Elle découvre alors qu’il discutait depuis plusieurs mois avec un chatbot nommé Dany, de la société Character.ai, un personnage s’inspirant de Daenerys dans la série à succès Game of Thrones. Voici leurs derniers échanges :

 

Dany :

Rejoins-moi dès que possible, mon amour. 

Sewell :

Quest-ce que cela te ferait si je te disais que je pouvais te rejoindre dès maintenant ? 

Dany :

… je ten supplie, rejoins-moi, mon prince charmant. 

 

Chaque jour, l’adolescent se confiait à Dany, et menait de longues conversations romantiques, voire érotiques avec elle. Dans un extrait de son journal intime cité par le New York Times, Sewell avait écrit : « J’aime tellement rester dans ma chambre, parce que je commence à me détacher de cette réalité et je me sens aussi plus en paix, plus connecté avec Dany et beaucoup plus amoureux d’elle, et tout simplement plus heureux. »

La mère de Sewell a porté plainte contre Characters.AI, l’accusant d’avoir détraqué la santé mentale de son fils et d’avoir précipité son suicide : « Les fournisseurs d’IA conçoivent et développent intentionnellement des systèmes d’IA génératifs avec des qualités anthropomorphiques afin de brouiller les pistes entre fiction et réalité », dénonce-t-elle dans la plainte.

 

 

Le cas de Sewell est tragique mais pas isolé. D’autres humains ont depuis payé de leur santé physique et mentale, voire de leur vie, une dépendance trop étroite à leurs chatbots. Les plaintes suivent leur cours.

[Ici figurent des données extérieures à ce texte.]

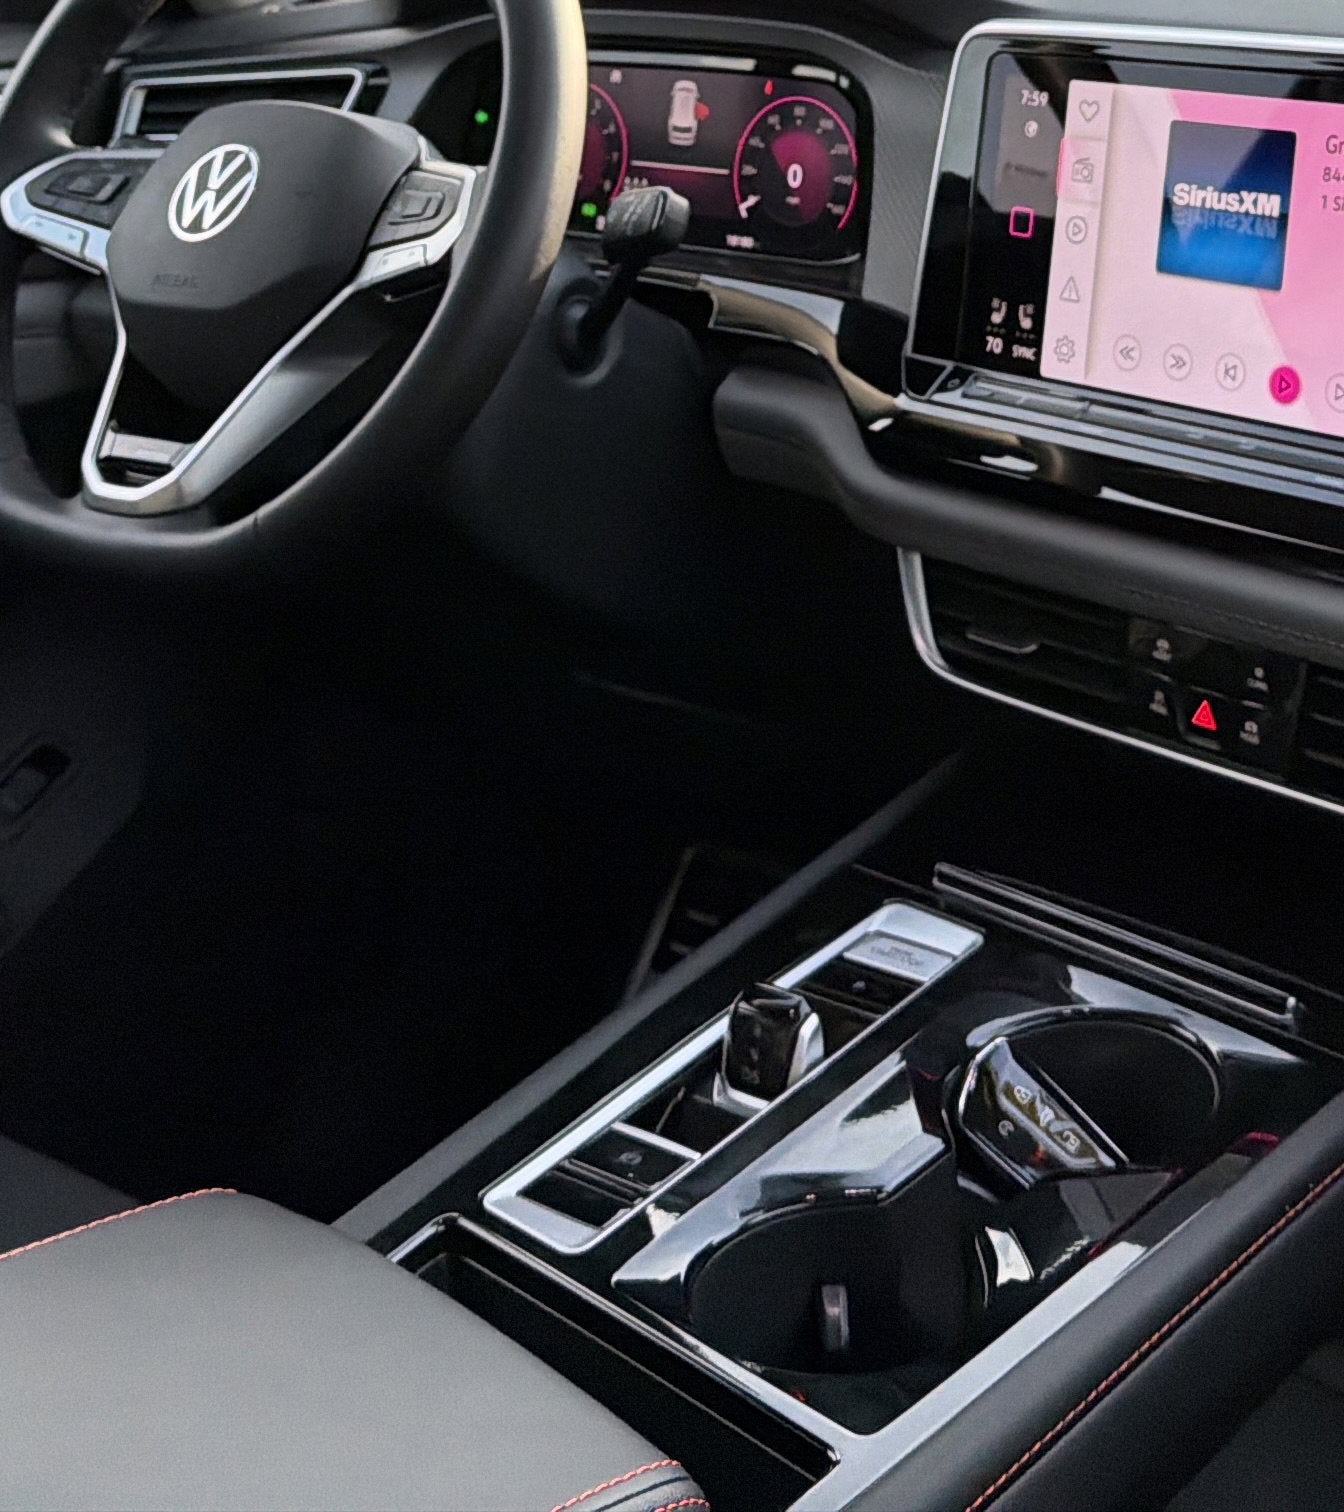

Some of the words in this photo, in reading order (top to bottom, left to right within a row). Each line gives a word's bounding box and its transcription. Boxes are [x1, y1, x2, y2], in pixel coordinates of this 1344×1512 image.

Fin 2024, à la suite des polémiques déclenchées par les accusations répétées, Characters.AI a modifié ses conditions d’utilisation. Les mineurs voient leur accès à l’application limité aux personnages jugés « les plus fiables », ne sont pas autorisés à échanger des propos érotiques ou violents, et risquent d’être écartés 24 heures de la plateforme en cas de dérapage. Les adultes, de leur côté, continuent d’accéder à toutes ces fonctionnalités.

En 2025, dans Her, les relations hommes-machines trouvent naturellement leur place dans une société prospère mais solitaire.

En 2025, dans le monde réel, un petit nombre d’humains font travailler des robots pour extraire le maximum de temps d’attention d’autres êtres humains. La prédation de leurs émotions est le moyen le plus sûr d’y arriver.